Reputation: 197
I would like to know if the spacy tokenizer could tokenize words only using the "space" rule. For example:
sentence= "(c/o Oxford University )"
Normally, using the following configuration of spacy:
nlp = spacy.load("en_core_news_sm")
doc = nlp(sentence)
for token in doc:
print(token)
the result would be:
(
c
/
o
Oxford
University
)
Instead, I would like an output like the following (using spacy):
(c/o
Oxford
University
)
Is it possible to obtain a result like this using spacy?
Upvotes: 5
Views: 7072
Reputation: 8162
According to the docs --
https://spacy.io/usage/spacy-101#annotations-token https://spacy.io/api/tokenizer
-- splitting on whitespace is the base behaviour of Tokenizer.
Thus, this simple solution should work:
import spacy
from spacy.tokenizer import Tokenizer
nlp = spacy.blank("en")
tokenizer = Tokenizer(nlp.vocab)
There's a minor caveat. You didn't specify what should be done with multiple spaces. SpaCy treats these as separate tokens, so that the exact original text can be recovered from the tokens. "hello world"
(with two spaces) will be tokenized as "hello", " ", "world"
. (With one space, it will of course just be "hello", "world"
).
Upvotes: 1
Reputation: 25249
Let's change nlp.tokenizer
with a custom Tokenizer
with token_match
regex:
import re
import spacy
from spacy.tokenizer import Tokenizer
nlp = spacy.load('en_core_web_sm')
text = "This is it's"
print("Before:", [tok for tok in nlp(text)])

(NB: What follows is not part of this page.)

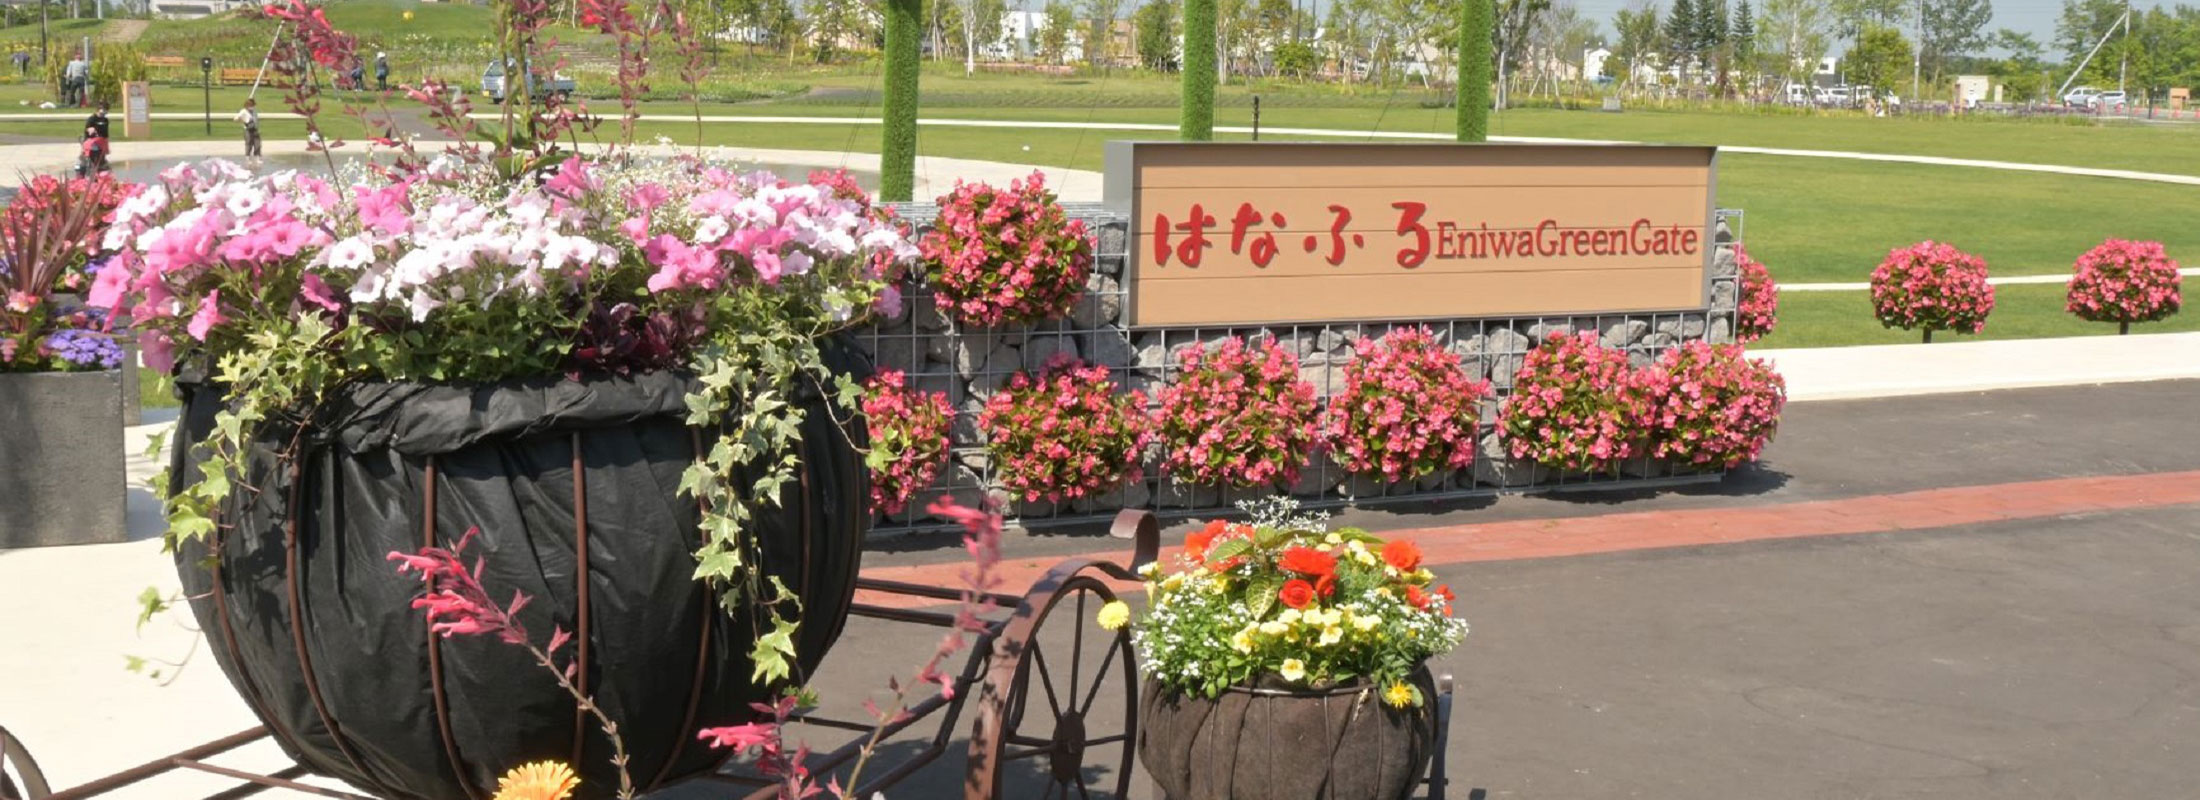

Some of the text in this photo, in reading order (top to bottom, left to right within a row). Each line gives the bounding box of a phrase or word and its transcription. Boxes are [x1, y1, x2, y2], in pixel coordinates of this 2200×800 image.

[1153, 202, 1698, 267] はなふる EniwaGreenGate
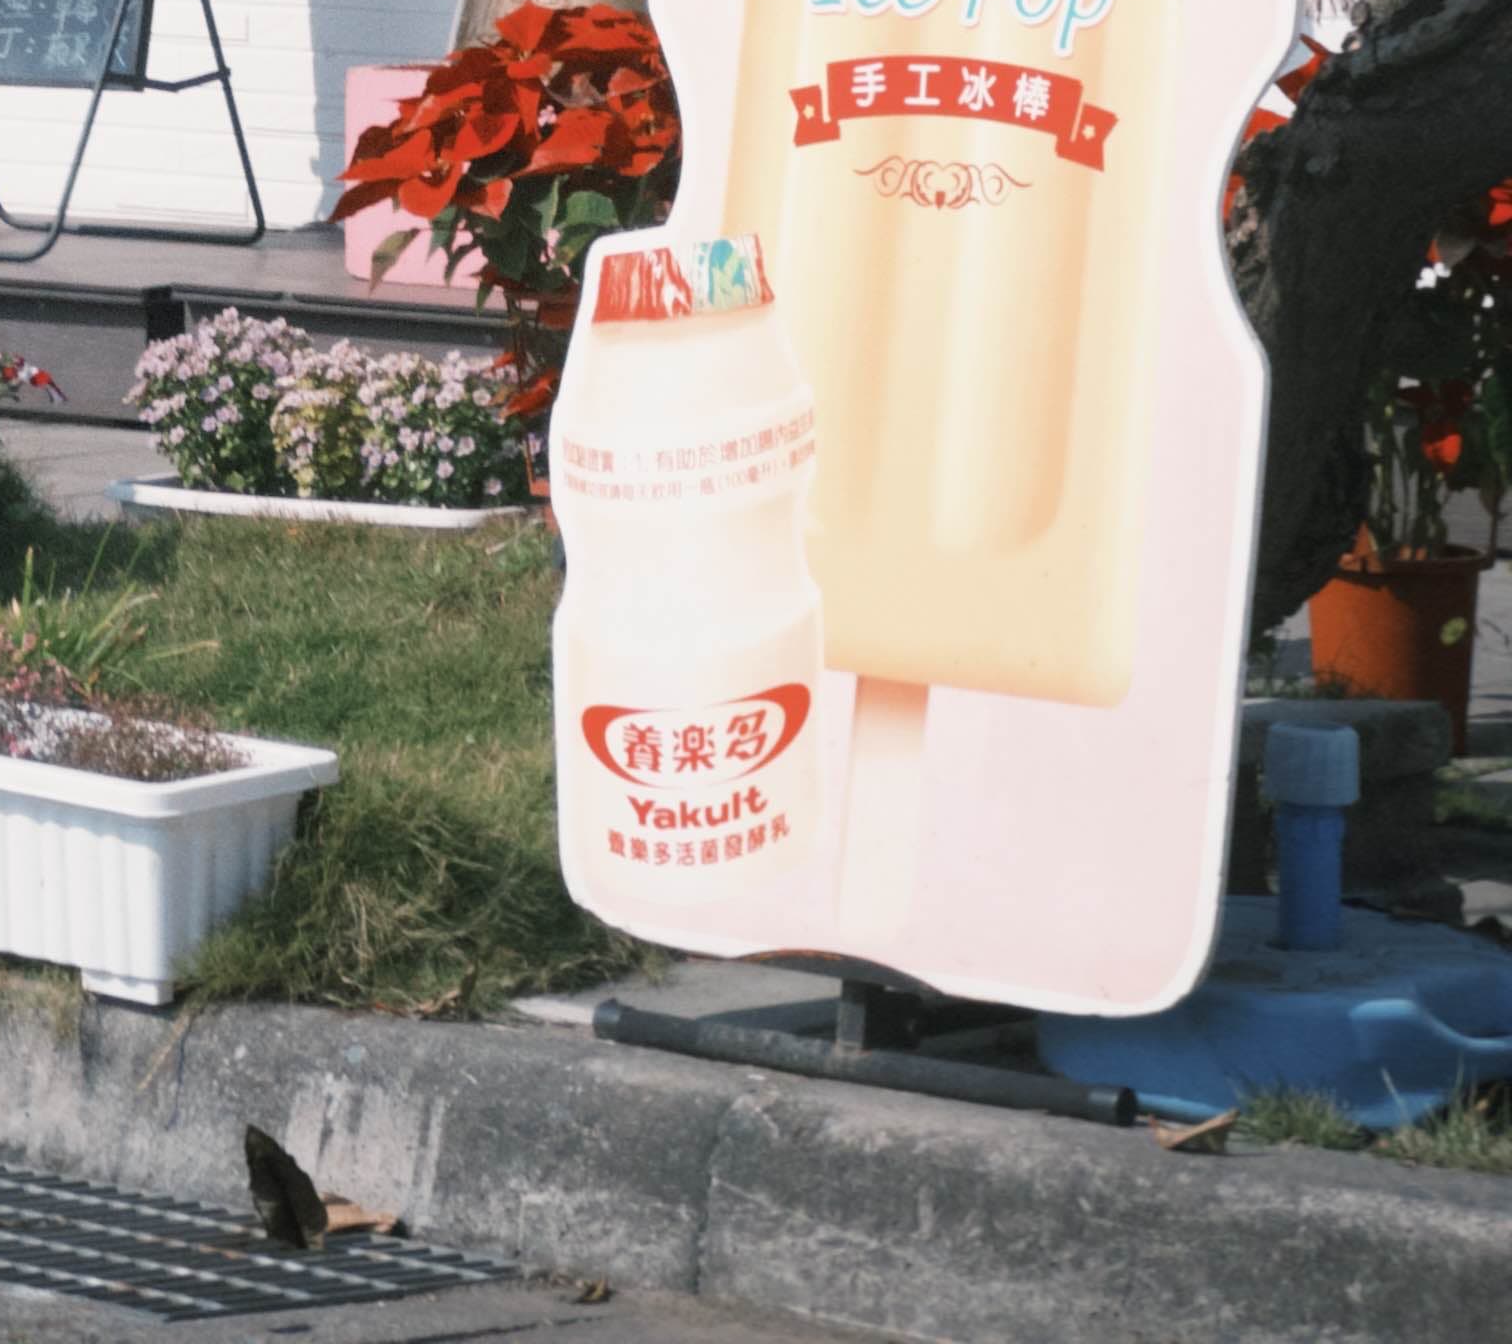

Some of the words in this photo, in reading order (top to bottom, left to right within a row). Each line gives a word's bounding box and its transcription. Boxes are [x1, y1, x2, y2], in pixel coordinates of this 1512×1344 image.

nlp.tokenizer = Tokenizer(nlp.vocab, token_match=re.compile(r'\S+').match)
print("After :", [tok for tok in nlp(text)])
Before: [This, is, it, 's]
After : [This, is, it's]
You can further adjust Tokenizer
by adding custom suffix, prefix, and infix rules.
An alternative, more fine grained way would be to find out why it's
token is split like it is with nlp.tokenizer.explain()
:
import spacy
from spacy.tokenizer import Tokenizer
nlp = spacy.load('en_core_web_sm')
text = "This is it's. I'm fine"
nlp.tokenizer.explain(text)
You'll find out that split is due to SPECIAL
rules:
[('TOKEN', 'This'),
('TOKEN', 'is'),
('SPECIAL-1', 'it'),
('SPECIAL-2', "'s"),
('SUFFIX', '.'),
('SPECIAL-1', 'I'),
('SPECIAL-2', "'m"),
('TOKEN', 'fine')]
that could be updated to remove "it's" from exceptions like:
exceptions = nlp.Defaults.tokenizer_exceptions
filtered_exceptions = {k:v for k,v in exceptions.items() if k!="it's"}
nlp.tokenizer = Tokenizer(nlp.vocab, rules = filtered_exceptions)
[tok for tok in nlp(text)]
[This, is, it's., I, 'm, fine]
or remove split on apostrophe altogether:
filtered_exceptions = {k:v for k,v in exceptions.items() if "'" not in k}
nlp.tokenizer = Tokenizer(nlp.vocab, rules = filtered_exceptions)
[tok for tok in nlp(text)]
[This, is, it's., I'm, fine]
Note the dot attached to the token, which is due to the suffix rules not specified.
Upvotes: 11
Reputation: 3106
You can find the solution to this very question in the spaCy docs: https://spacy.io/usage/linguistic-features#custom-tokenizer-example. In a nutshell, you create a function that takes a string text
and returns a Doc
object, and then assign that callable function to nlp.tokenizer
:
import spacy
from spacy.tokens import Doc
class WhitespaceTokenizer(object):
def __init__(self, vocab):
self.vocab = vocab
def __call__(self, text):
words = text.split(' ')
# All tokens 'own' a subsequent space character in this tokenizer
spaces = [True] * len(words)
return Doc(self.vocab, words=words, spaces=spaces)
nlp = spacy.load("en_core_web_sm")
nlp.tokenizer = WhitespaceTokenizer(nlp.vocab)
doc = nlp("What's happened to me? he thought. It wasn't a dream.")
print([t.text for t in doc])
Upvotes: 5